Ce sera alors « l’internationalisme ». On devrait plutôt parler de super-Etat. Car l’internationalisme est l’idéologie selon laquelle il existe un patrimoine unique à l’humanité. Le super-Etat signifie, lui, que les Etats nationaux doivent disparaître au profit du super-Etat mondial. Dans la pratique, étant donnée précisément la confusion faite entre l’Etat et la Nation, cette différence s’estompe au profit d’un seul et même phénomène.

Il n’y a pas d’Etat possible sans société unie dans une communauté de destin. Or, celle-ci ne peut se réaliser que dans la mesure où les éléments communs l’emportent sur les éléments de divergence. Et ce n’est pas nier du tout l’amitié nécessaire entre les peuples et le souci de l’universel que d’affirmer que ces éléments communs, s’ils prédominent dans les nations particulières, sont des plus faibles au niveau mondial. Certes, s’ils existent dans des domaines spécialisés ou techniques que le progrès technologique rend d’ailleurs de plus en plus importants (organisation météorologique mondiale, aviation civile internationale, union postale universelle, environnement, protection médicale, lutte contre le terrorisme, etc … ), ils sont quasiment nuls à un niveau supérieur (conflits de l’UNESCO), ils sont quasiment nuls à un niveau super-étatique.

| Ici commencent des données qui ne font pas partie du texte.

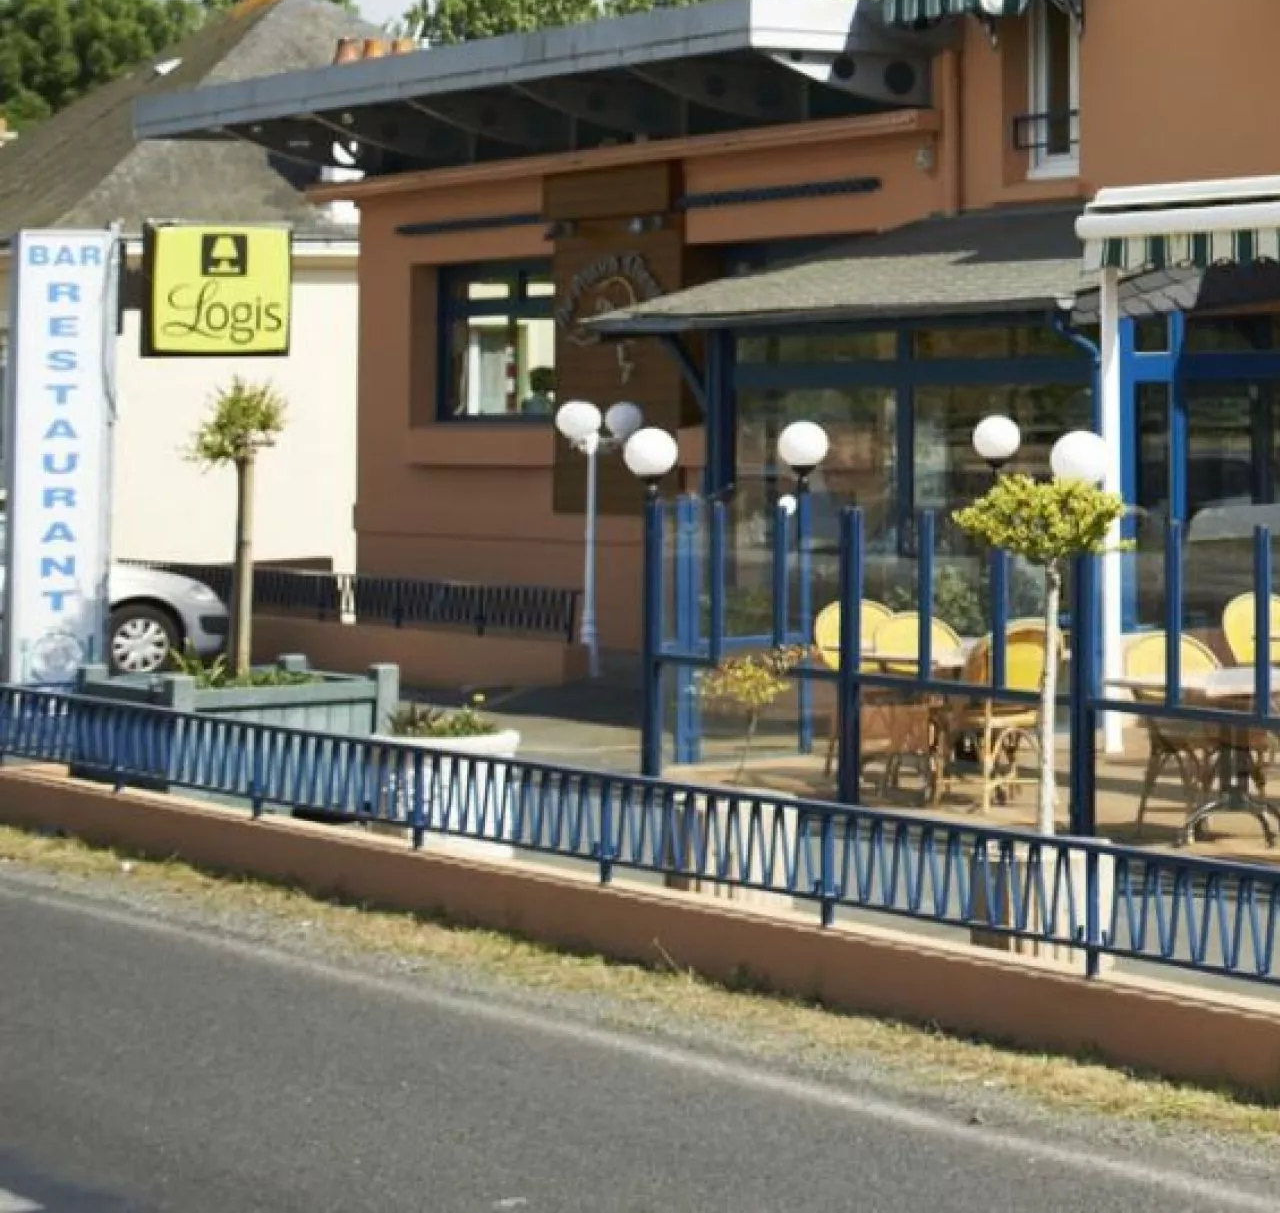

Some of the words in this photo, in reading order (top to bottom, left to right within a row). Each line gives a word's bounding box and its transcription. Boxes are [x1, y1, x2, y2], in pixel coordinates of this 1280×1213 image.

[28, 245, 101, 266] BAR
[161, 280, 283, 346] Logis
[41, 282, 81, 611] RESTAURANT

Il suffit de constater l’échec de la S.D.N., puis de l’O.N.U., reconnu par tous, dans leur prétention à constituer un super-Etat, garant de l’ordre mondial, l’exemple de la Guerre du Golfe, souvent cité a contrario, étant un leurre, révélateur simplement du « condominium » américano-russe. Et un tel super-Etat présenterait d’ailleurs le plus grand péril au regard même des valeurs de communauté, de solidarité et de fraternité qu’il prétend promouvoir. C’est ce qu’écrit le Pr Colliard :

« Et, parle plus étrange des paradoxes, le rêve doctrinal qui, au mépris peut-être des réalités sociales et politiques, voit dans la disparition des Etats la condition d’une organisation internationale parfaite, aboutit à remplacer une pluralité de collectivités étatiques par une autre collectivité qualifiée de super-étatique mais qui, à la bien analyser, ne serait qu’un Etat gigantesque et universel, plus colossal encore que n’ont jamais osé le rêver pour leur empire les conquérants les plus audacieux (… ). Et qu’on prenne garde que si existait un jour un Etat universel, cela signifierait qu’il n’y a plus de droit international et plus de société internationale ».

Le super-Etat entraînerait, de par sa seule présence, l’évacuation de ces règles que, dès le XVIè siècle, le théologien espagnol Vitoria définissait comme étant celles du « droit des gens ».